In the latest insane rant by Ted Rall, which Jayson comments on below, I was reminded of the line that was standard in every Joe Wilson story in the MSM. Rall says “the revelation, which effectively ended Plame’s CIA career and may have endangered her life, followed her husband Joe Wilson’s publication of a New York Times op-ed piece that embarrassed the Bush Administration by debunking its claims that Saddam Hussein tried to buy uranium from Niger.

Joe Wilson went to Africa and sat by the hotel pool sipping tea with invited guests. He asked them whether the claims that Saddam had attempted to purchase uranium were true. He was told, by those he spoke to, that they were not. Excuse me for using my voice I normally reserve for talking to two year olds, but that does not “debunk” anything and it most certainly does not disprove anything as most all Democrats and those in the MSM claimed.

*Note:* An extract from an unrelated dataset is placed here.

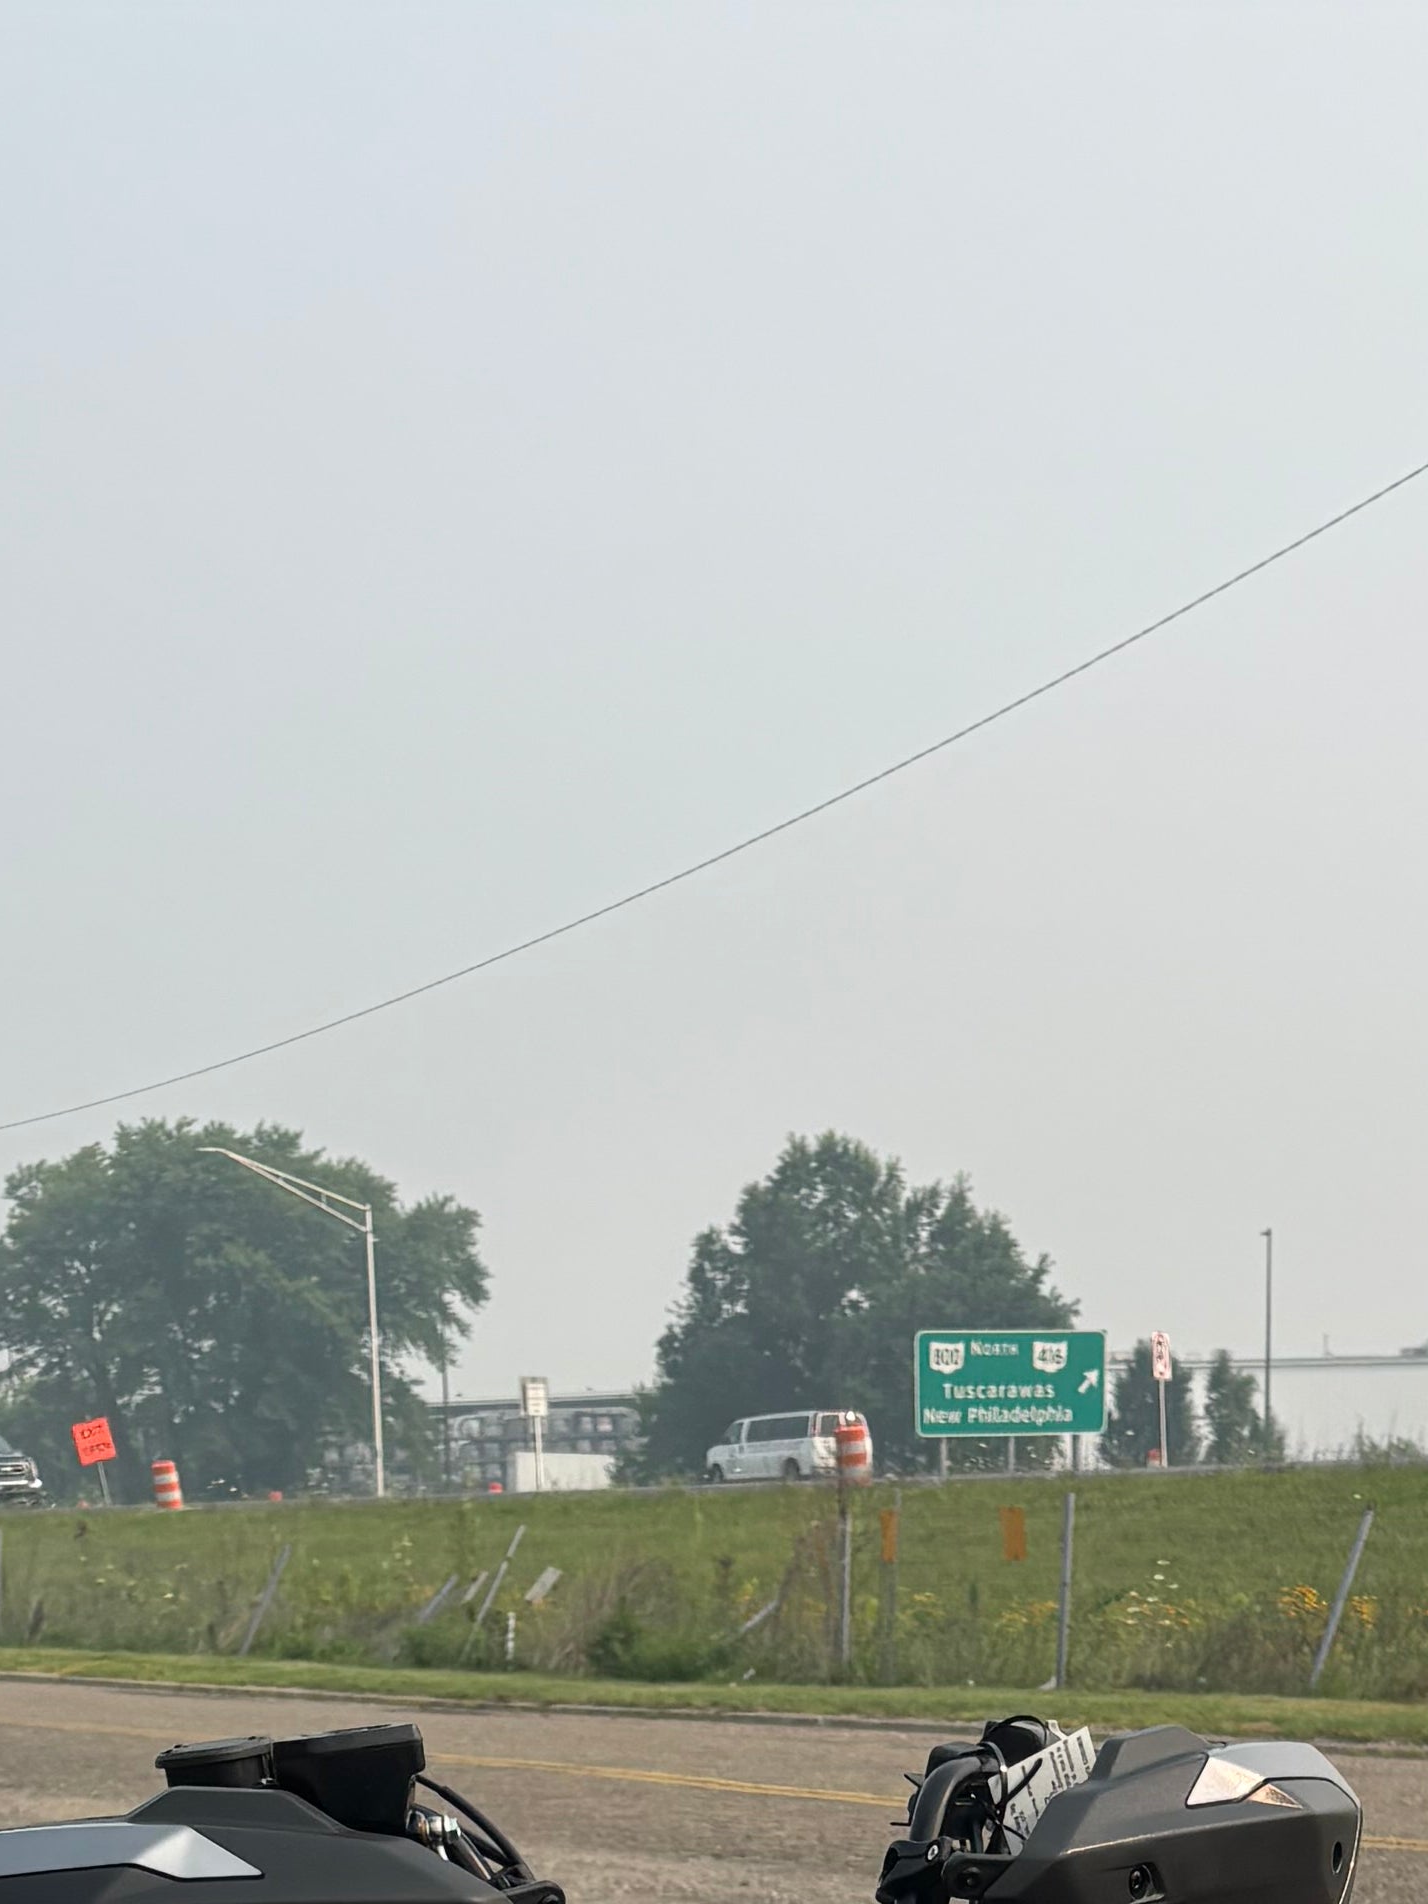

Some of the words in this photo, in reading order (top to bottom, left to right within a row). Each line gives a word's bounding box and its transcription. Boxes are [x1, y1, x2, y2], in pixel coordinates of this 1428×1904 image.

[942, 1383, 1055, 1399] Tuscarawas
[923, 1408, 962, 1424] New
[967, 1405, 1073, 1426] Philadelphia

Bush said in his SOTU speech that British intelligence sources said that Saddam had attempted to purchase uranium from Africa. They stand by that claim to this day. Joe Wilson came back and wrote an op-ed piece and went all over television saying that Bush lied when he made that statement because his “investigation” had proved it was not true. I know, I know. It is just silly to think that Joe Wilson could have talked to everyone that might have had knowledge of such communications with Saddam, and it is even sillier to think that anyone talking to Saddam about such a thing would have admitted it. (Actually it is way beyond silly, but I am trying to be charitable.) But such logical thinking only applies in the real world, not the world of liberal politics and the mainstream media.

I could go on about how if Joe Wilson was so worried about his wife’s “secret” identity he would not have been jumping in front of every camera in sight. I could also say that it is entirely possible that what “effectively ended Plame’s CIA career” was not a revelation of her CIA position in a Bob Novak column, but just as likely might have been the revelation of her recommendation (which Wilson lied about) to send her unqualified, publicity hound husband on such an important and sensitive mission. But I won’t.

Read my Plame Refresher
here.

UPDATE: Power Line has an example of a non-Wilson untruth that CNN is stating as fact. This is the same untruth that Chris Matthews is especially guilty of having repeated about a million times, even back to guests who were appearing on his show giving evidence to the contrary. It is sad that I could probably come up with a half dozen such examples off the top of my head. When will the mainstream media be held to account for spreading misinformation to their readers and viewers? Hmmm. I just remembered the last CNN ratings I saw. I guess they are already being held to account.

UPDATE II: Michelle Malkin has the picture of Joe Wilson and Valerie Plame that I saw recently on one of the cable news shows. If the Vanity Fair photo of Plame in her Hollywood shades and scarf were not enough proof that she was not exactly devastated by her “outing,” this one surely is.